Online and in the news: Parkinson's disease

Muhammad Ali

INSIDE LOOK: Tens of millions are invested into Parkinson’s disease research every year but we still don’t know where it starts. 

But according to the Journal of Experimental Medicine, a laboratory model of Parkinson’s — which the late Muhammad Ali (right) battled for many years — is giving scientists an inside look at what happens in the brain years before motor symptoms appear. 

Specifically, it demonstrates how abnormal alpha-synuclein proteins gradually spread from an area of the brain implicated in the early stages of the disease to other regions of the brain ultimately damaged by the disease.

Most cases are diagnosed after age 60 and by the time symptoms appear, more than half of the brain cells that produce dopamine, a chemical messenger needed for voluntary movement, have died. 
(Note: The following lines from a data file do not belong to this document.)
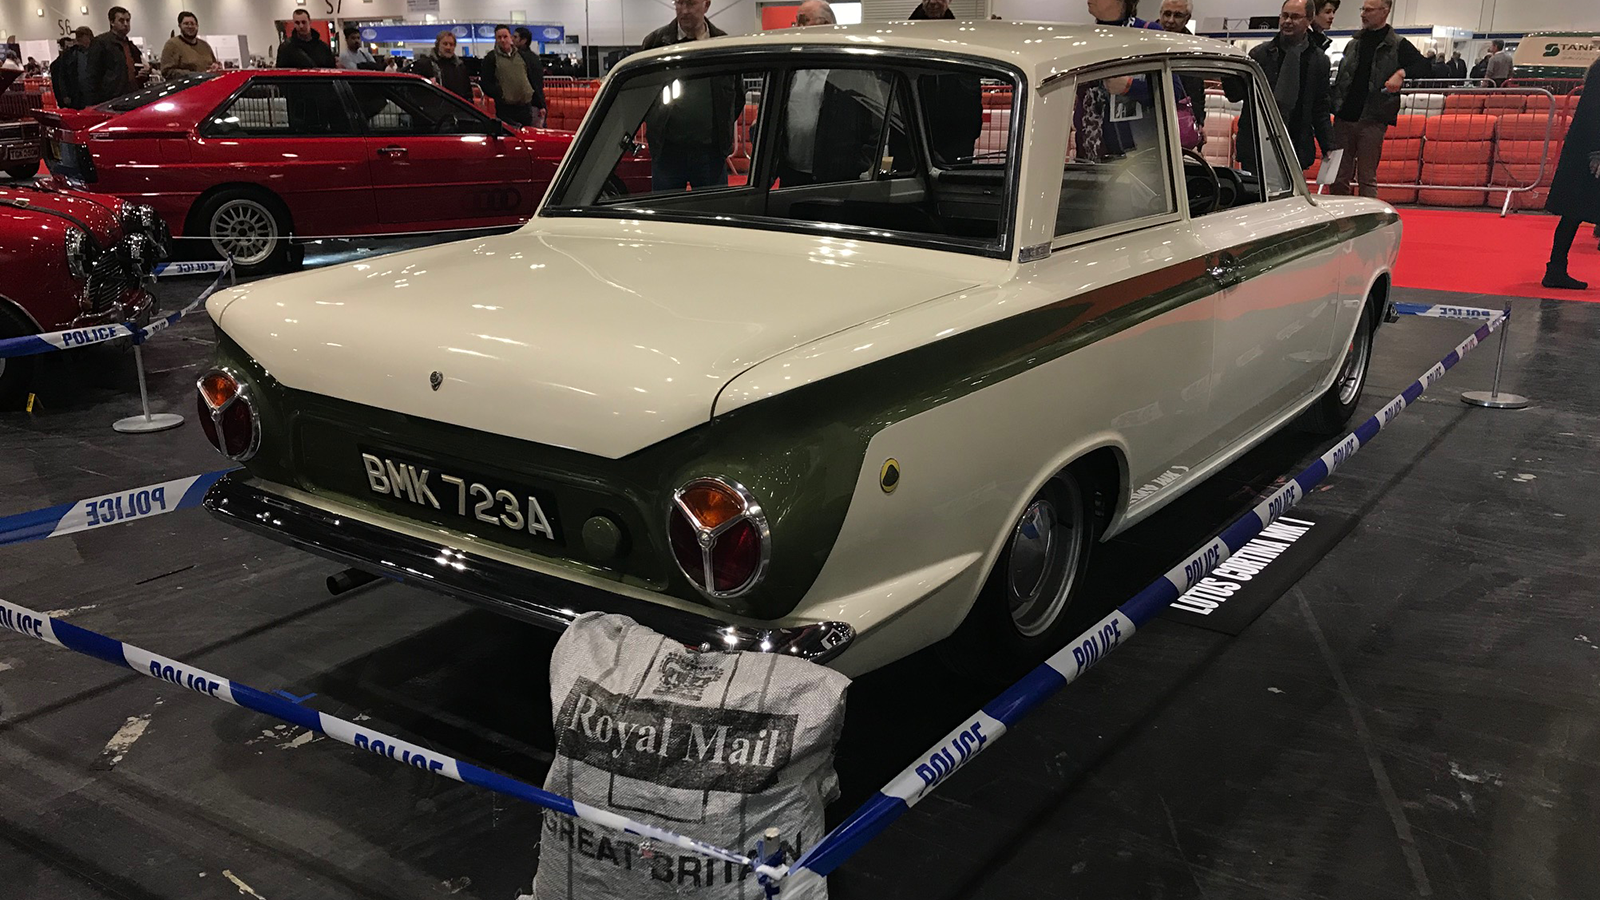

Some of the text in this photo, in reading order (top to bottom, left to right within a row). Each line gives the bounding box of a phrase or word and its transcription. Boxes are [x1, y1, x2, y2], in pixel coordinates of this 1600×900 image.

[58, 19, 71, 35] S6
[62, 327, 117, 346] POLICE
[362, 452, 555, 540] BMK 723A
[1268, 485, 1296, 520] POLICE
[1169, 577, 1242, 616] LOTUS
[1211, 538, 1291, 581] CORTINA
[1258, 521, 1310, 542] MK
[1184, 543, 1220, 586] POLICE
[1072, 618, 1121, 679] POLICE
[568, 693, 780, 768] Royal Mail
[914, 721, 987, 798] POLICE
[544, 808, 635, 871] GREAT
[650, 831, 802, 888] BRITAN
In recent years, scientists have found links to the early stages of Parkinson’s in other areas of the body, namely the gut and the nose.

BOOKWORM BOOST

Reading books could extend lifespan by up to two years, and the more often you read, the better. 

Adults who read books for as little as 30 minutes daily may live for up to two years longer according to co-author Becca R Levy, a professor of epidemiology at Yale University School of Public Health.
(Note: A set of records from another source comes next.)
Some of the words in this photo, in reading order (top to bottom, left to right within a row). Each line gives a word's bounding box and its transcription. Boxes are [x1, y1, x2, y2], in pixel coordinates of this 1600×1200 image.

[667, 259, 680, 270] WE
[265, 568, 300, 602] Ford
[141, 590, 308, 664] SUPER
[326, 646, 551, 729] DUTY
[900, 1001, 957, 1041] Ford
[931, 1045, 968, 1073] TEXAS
Numerous studies have hailed the benefits of reading for health. A recent study reported by Medical News Today, for example, found that reading fictional books may encourage empathy. 

The study results accounted for subjects’ sex, age, wealth, education, self-reported health, comorbidities — the presence of two or more health conditions at the same time — and marital status.

VOLUNTARY CODE

Working or volunteering can reduce the chances of chronic health problems leading to physical disability in older people, according to researchers at Georgia State University and Florida State University.

The study found people ages 50 to 64 who worked full-time or part-time or volunteered up to 100 hours per year experienced a reduction in the extent to which chronic conditions were associated with subsequent functional limitations, such as the ability to walk a block or climb a flight of stairs.